Teagasc have posted results of a survey on fertiliser use in the country, which indicates that there has been an overall long-term reduction in fertiliser use.
The study examined the long-term developments in fertilizer use on Irish farms. The study was based on analysis on over a decade’s worth of information collected by Teagasc, as part of the National Farm survey. The ten-year period ran from 2005-2015 when Ireland was still bound by the EU Nitrates Directive regulations which govern fertilizer use.
The study focuses primarily on the use of phosphorus, potassium, lime and nitrogen. It enabled Teagasc to provide a detailed analysis, by farm system, land use class, stocking rates, nitrate zones and agri-environment scheme participation.
The study results indicate that nitrogen, phosphorus and potassium fertilizer application rates on grassland were between 11-16% higher at the start of the study period compared to the end, with more dramatic declines in application rates noticeable in the mid-study period (23-52%).
The years of lowest grassland fertilizer use was 2008-09 and coincided with the period of highest fertilizer prices.

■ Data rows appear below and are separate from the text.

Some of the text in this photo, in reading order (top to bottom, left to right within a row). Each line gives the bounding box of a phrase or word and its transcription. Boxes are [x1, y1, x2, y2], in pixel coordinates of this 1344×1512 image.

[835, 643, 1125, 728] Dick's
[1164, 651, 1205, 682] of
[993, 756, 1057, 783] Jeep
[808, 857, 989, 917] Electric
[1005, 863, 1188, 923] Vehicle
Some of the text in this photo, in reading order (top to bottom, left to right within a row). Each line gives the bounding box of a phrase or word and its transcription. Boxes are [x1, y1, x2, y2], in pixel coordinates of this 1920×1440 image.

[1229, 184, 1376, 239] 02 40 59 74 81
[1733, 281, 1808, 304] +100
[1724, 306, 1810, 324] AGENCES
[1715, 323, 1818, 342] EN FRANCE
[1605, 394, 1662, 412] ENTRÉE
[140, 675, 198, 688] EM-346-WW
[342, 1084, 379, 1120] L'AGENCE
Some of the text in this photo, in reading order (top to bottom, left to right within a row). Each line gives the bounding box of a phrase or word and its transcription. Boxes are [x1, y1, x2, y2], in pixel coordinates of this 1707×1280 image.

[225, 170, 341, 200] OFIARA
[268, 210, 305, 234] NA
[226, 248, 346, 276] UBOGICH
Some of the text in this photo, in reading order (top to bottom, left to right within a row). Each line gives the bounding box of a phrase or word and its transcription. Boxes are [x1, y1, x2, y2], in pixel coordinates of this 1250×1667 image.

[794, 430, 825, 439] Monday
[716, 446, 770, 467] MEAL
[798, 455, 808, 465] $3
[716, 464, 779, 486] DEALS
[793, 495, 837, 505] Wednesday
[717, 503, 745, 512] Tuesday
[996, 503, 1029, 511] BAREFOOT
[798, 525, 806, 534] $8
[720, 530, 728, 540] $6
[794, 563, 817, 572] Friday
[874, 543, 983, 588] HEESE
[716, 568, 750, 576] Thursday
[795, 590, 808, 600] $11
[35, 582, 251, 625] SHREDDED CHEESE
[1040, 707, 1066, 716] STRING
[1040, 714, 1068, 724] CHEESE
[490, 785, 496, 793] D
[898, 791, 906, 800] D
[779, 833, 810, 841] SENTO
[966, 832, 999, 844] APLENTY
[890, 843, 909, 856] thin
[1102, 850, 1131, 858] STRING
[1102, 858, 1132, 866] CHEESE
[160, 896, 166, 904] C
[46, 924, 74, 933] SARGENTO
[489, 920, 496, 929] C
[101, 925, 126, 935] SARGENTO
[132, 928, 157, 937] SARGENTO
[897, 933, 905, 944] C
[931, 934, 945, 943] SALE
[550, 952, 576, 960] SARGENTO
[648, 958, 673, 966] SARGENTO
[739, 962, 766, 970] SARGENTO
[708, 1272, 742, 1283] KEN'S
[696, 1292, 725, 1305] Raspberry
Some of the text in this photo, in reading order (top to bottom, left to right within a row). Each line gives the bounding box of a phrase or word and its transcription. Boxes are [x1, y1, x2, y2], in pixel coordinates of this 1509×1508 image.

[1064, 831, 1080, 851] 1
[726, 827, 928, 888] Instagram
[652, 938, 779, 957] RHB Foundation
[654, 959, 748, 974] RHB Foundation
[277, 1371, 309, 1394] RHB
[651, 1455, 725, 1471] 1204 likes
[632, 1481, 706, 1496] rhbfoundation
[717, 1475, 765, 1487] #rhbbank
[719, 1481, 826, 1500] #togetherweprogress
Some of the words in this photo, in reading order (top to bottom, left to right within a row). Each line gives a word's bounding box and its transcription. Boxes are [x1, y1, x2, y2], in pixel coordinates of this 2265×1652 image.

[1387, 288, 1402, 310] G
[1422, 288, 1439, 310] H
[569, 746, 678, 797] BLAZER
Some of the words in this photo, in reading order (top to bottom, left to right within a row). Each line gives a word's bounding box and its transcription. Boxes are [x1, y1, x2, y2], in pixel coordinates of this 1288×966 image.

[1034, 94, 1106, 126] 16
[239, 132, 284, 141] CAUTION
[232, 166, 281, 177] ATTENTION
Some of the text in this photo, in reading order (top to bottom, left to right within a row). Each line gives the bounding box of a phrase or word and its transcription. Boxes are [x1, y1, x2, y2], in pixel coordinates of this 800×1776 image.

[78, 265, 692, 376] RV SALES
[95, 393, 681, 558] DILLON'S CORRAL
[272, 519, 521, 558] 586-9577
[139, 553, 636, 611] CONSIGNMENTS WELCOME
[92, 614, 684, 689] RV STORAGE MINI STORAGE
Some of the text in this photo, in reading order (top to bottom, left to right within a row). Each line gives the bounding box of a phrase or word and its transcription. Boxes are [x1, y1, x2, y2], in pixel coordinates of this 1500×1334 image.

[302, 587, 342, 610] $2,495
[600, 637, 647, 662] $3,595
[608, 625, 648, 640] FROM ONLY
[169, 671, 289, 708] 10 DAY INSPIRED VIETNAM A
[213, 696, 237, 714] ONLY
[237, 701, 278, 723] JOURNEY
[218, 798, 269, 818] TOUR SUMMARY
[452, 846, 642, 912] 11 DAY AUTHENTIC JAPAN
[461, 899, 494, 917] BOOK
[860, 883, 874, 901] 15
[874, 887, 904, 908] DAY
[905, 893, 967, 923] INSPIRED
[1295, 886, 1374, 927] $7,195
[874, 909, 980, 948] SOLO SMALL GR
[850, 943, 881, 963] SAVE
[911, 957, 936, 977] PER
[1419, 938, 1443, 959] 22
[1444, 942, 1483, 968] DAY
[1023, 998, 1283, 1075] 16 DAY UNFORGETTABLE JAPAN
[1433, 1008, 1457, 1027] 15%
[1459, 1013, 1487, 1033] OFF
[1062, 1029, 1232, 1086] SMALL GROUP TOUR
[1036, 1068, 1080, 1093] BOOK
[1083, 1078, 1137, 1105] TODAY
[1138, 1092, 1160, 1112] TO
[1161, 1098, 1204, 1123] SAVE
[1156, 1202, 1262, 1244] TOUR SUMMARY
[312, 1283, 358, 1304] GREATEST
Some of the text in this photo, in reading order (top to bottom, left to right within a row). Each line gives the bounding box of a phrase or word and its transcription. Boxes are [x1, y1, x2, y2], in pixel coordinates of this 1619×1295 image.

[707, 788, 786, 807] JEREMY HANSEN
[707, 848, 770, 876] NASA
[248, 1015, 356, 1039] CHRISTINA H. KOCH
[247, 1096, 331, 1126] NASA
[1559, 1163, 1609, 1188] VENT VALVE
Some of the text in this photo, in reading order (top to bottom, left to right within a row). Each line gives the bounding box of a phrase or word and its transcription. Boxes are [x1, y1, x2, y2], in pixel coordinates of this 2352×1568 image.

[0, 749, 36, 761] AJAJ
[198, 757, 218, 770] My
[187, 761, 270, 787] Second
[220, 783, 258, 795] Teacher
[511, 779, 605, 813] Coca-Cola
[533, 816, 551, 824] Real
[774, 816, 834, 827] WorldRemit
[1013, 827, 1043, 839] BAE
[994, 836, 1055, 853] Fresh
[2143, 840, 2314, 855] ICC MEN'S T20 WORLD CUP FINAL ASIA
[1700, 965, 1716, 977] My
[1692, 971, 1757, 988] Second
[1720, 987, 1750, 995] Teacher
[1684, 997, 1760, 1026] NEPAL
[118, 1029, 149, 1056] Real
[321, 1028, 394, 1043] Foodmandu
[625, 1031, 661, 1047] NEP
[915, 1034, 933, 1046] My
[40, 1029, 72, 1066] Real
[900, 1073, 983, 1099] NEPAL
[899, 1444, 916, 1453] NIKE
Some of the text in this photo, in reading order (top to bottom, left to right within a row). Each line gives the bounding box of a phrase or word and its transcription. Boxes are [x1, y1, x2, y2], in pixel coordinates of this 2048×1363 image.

Higher than average period application rates in 2013-2014 were associated with the aftermath of a national fodder shortage.
Similarly, the report finds that fertilizer application rates on cereal land were lower in the higher price period of 2008-09. Comparing 2005 with 2015, showed that nitrogen application rates on cereal land actually increased by about 10%. Phosphorus application rates on cereal land in 2015 were broadly in line with usage levels in 2005. Potassium application rates on cereal land showed the largest increase, up 33% in 2015 relative to 2005.
Impact of agri-environmental scheme memberships -
The large impact, which agri-environmental scheme membership has on fertilizer usage, was also evident in the study.
Fertilizer application rates on grassland were on average 36% lower for farms participating in an agri-environment scheme. Nitrogen, phosphorus and potassium application rates for the main cereal crops for agri-environment scheme participants were on average 15%, 10% and 3% lower respectively, over the course of the study period.
A concern raised by the study is that few farms are engaged in ongoing lime application from year to year. Adequate liming is essential to achieve optimum soil pH levels in order to maximise the effectiveness of fertilizers. It is notable that on average just over 20% of farms used lime year-on-year over the study period. The lowest rate of liming was evident in 2006 at just 16% of the farm population and the highest liming rate over the period was recorded in 2013 at 26% of total farms.
“Data showing short-term trends in fertilizer usage can be affected by fertilizer price levels and weather variations and are a less reliable indicator of longer-term developments.” , said Dr. Cathal Buckley of Teagasc of the results.
Teagasc Economist, Dr. Emma Dillon noted the study provided a more in-depth look at fertilizer use.
“The study also provides a more in-depth analysis of fertilizer use patterns at farm level than would be possible to provide through the use of national level fertilizer sales data.”, she said.